- Born: 12 January 1921 Kattamanchi, Chittoor, Madras Presidency
- Died: 26 December 1994 (aged 73) Chennai, Tamil Nadu, India
- Other names: CGK Reddy, Kattamanchi Gopala Krishnamoorthy Reddy
- Occupations: Activist, freedom fighter and politician
- Known for: Deccan Herald, The Hindu, Prajavani, Press Institute of India, Baroda dynamite case
- Notable work: Baroda Dynamite Conspiracy: The Right to Rebel
- Father: CSV Reddy

= CGK Reddy =

Indian activist, freedom fighter and politician (1921–1994)

Cattamanchi Gopala Krishnamoorthy Reddy (12 January 1921 – 26 December 1994), commonly referred to as CGK Reddy, was an Indian activist, freedom fighter and politician. He was the first general manager of the Deccan Herald, a business manager at The Hindu, editor of Prajavani, founder director of the Research Institute of Newspaper Development (RIND), in Taramani, Chennai (now the Press Institute of India) and former president of The Indian Newspaper Society. During the Emergency, he collaborated closely with George Fernandes, notably as part of the Baroda dynamite case. He helped to found the People's Union for Civil Liberties, and served as President of the Karnataka chapter.

== Early life ==

CGK Reddy was born on 12 January 1921 at Kattamanchi, near Chittoor, Andhra Pradesh, to CSV Reddy. He was a nephew of Cattamanchi Ramalinga Reddy. After completing his schooling from High School, Chittoor, he briefly attended Pachaiyappa's College, Chennai.

On graduating from college, CGK Reddy joined the Training Ship Dufferin as an engineering cadet and was then posted as fifth engineer in SS Chilka.
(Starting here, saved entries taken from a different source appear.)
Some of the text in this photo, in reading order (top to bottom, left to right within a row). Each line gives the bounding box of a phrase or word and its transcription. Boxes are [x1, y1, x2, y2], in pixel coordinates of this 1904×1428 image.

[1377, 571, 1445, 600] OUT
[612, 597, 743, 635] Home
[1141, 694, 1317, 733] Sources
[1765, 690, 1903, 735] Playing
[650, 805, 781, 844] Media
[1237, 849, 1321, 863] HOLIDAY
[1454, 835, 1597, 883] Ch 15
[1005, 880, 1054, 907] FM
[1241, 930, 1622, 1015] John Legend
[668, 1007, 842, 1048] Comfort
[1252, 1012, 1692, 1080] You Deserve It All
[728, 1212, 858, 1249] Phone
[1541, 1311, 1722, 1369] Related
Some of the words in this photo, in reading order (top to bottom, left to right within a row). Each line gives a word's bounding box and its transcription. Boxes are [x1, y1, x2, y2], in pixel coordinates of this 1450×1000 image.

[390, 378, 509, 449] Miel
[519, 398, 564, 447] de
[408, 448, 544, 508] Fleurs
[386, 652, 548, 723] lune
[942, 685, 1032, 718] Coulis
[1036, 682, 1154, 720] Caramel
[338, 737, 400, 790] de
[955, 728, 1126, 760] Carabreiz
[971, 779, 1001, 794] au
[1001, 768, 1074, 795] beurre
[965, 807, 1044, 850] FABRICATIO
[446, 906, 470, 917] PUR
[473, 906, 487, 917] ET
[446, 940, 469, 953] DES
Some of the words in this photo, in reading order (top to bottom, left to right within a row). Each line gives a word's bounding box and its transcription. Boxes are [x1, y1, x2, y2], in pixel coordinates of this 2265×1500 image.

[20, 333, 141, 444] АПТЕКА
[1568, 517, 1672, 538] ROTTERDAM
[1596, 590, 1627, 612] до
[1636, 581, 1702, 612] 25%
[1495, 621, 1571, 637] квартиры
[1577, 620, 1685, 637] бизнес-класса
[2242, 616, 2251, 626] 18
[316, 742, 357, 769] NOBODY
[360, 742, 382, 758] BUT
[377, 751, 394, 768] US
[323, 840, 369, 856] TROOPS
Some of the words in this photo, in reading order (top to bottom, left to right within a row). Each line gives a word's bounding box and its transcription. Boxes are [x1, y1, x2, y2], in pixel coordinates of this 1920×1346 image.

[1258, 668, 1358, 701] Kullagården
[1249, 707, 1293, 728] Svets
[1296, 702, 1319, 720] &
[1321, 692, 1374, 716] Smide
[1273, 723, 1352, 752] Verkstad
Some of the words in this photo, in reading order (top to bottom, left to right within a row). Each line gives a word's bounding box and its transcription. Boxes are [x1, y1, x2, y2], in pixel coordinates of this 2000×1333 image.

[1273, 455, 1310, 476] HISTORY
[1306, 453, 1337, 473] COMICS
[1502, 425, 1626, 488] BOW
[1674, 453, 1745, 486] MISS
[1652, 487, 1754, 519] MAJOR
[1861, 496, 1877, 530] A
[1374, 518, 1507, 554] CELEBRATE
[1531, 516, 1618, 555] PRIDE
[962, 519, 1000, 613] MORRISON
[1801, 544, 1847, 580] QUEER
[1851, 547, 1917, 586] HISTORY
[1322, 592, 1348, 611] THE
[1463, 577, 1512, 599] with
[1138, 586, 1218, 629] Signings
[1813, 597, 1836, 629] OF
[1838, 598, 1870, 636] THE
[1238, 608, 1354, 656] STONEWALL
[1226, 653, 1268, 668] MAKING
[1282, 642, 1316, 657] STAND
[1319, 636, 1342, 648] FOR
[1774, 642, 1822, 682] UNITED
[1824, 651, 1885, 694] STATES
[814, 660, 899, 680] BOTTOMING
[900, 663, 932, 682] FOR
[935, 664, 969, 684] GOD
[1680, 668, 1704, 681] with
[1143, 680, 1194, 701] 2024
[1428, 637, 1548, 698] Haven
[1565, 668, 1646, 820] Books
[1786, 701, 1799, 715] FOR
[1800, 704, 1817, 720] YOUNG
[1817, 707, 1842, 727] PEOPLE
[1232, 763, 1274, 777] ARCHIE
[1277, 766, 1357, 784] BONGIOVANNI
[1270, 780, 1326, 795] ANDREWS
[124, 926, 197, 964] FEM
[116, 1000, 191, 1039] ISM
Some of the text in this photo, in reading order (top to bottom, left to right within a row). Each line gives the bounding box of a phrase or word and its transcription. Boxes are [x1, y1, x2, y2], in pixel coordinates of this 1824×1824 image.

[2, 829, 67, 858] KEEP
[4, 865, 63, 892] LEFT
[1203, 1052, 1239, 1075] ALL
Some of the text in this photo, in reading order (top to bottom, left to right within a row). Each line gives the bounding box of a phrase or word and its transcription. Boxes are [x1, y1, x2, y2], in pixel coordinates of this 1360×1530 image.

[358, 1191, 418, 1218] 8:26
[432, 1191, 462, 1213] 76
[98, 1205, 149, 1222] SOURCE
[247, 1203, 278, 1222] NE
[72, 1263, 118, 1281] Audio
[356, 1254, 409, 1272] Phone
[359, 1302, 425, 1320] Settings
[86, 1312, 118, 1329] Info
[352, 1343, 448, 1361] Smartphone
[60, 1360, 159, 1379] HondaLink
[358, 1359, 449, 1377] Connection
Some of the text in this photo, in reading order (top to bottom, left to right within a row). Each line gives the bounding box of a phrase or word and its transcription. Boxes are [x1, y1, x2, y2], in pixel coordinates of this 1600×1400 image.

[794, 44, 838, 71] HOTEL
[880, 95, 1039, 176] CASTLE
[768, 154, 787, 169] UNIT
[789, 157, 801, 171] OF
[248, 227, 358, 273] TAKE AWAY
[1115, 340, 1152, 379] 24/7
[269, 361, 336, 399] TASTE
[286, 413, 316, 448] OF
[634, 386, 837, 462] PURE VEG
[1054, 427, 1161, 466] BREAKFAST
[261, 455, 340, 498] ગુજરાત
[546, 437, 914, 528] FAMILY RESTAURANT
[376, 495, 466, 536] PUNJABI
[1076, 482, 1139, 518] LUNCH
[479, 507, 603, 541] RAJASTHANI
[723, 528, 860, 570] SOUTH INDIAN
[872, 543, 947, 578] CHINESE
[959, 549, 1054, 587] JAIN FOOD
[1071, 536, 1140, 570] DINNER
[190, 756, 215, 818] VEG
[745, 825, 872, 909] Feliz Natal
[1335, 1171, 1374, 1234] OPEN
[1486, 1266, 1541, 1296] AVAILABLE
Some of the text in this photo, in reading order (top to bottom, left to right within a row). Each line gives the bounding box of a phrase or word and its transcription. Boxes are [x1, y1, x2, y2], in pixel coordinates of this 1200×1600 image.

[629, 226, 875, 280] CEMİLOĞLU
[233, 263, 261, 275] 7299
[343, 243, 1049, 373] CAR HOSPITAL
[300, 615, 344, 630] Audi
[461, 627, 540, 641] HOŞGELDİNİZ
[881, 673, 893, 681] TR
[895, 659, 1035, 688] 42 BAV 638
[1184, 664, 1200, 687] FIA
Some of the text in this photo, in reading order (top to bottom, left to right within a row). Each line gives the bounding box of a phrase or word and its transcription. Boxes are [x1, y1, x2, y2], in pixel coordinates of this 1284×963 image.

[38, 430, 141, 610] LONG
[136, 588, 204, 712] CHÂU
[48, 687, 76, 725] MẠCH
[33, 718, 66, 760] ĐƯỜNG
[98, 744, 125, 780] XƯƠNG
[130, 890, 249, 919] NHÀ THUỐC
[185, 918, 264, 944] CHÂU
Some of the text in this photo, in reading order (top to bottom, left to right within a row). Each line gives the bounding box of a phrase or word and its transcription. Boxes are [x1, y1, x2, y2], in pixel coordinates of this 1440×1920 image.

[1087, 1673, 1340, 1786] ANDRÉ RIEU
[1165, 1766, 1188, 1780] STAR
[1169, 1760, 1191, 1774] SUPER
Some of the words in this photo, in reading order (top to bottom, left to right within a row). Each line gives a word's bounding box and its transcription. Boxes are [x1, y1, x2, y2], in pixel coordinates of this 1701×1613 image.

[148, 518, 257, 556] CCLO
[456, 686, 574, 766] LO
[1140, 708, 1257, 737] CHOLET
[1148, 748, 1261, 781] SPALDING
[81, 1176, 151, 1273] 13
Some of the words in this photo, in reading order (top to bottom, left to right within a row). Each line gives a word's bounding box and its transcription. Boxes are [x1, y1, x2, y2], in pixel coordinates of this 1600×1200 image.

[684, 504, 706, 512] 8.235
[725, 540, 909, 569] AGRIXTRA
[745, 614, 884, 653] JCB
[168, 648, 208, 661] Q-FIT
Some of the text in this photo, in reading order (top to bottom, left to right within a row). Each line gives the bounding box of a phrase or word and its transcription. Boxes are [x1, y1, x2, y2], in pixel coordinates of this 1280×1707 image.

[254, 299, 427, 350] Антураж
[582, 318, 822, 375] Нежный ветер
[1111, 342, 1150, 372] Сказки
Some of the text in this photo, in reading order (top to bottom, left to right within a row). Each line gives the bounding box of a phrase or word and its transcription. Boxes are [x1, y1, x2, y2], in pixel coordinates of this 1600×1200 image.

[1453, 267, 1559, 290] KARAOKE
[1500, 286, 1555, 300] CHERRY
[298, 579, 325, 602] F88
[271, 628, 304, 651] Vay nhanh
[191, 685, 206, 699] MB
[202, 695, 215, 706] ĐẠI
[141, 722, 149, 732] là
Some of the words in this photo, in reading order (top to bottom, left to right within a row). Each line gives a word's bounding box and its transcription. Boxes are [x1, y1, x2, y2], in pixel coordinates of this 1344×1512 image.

On 11 March 1942, on the way to Padang, the ship was torpedoed by a submarine. After a week on the sea in a lifeboat with a few others, he was captured by the Japanese military near Nias. From there, he was sent to Singapore, and then the Indian Swaraj Institute, Penang. After being recruited by the Indian National Army, he was planted as a spy in India, along with 19 others, including Vakkom Abdul Khader. CGK Reddy was caught and arrested by British troops soon after crossing at Teknaf, and he was imprisoned for three years.

In 1946, at the age of 25, he gave up his job as a marine engineer and became a political activist. He, along with Asoka Mehta, published Our Shipping. CGK Reddy's involvement with the Deccan Herald led to T. S. Satyan and Pothan Joseph joining the Deccan Herald.

He married Vimala on 7 November 1947, and they had 3 sons, Manmohan, Ramalinga and Rammanohar. Professor Amulya Reddy from the Indian Institute of Science was his nephew.

== Political career ==

CGK Reddy unsuccessfully stood in the 1951 Lok Sabha elections from the Bangalore North constituency under a Socialist Party ticket. He was elected to the Rajya Sabha from Mysore State by the Socialist Party in 1952 and served as an MP until 1954. He served as the Chairman for the Mysore State wing of the Socialist Party.

CGK Reddy financially supported Shantaveri Gopala Gowda during his campaign for the 1952 Mysore State Legislative Assembly election.

== Emergency ==

During the Emergency, CGK Reddy worked closely with George Fernandes. He acted as a representative of George Fernandes for the 1975 meeting of the Bureau Socialiste Internationale at Brussels. He was arrested in 1976 in what became known as the Baroda dynamite case. After the Janata Party won the 1977 general elections, he was released from prison. CGK Reddy wrote a detailed account of the Baroda Dynamite Case in his book Baroda Dynamite Conspiracy: The Right to Rebel.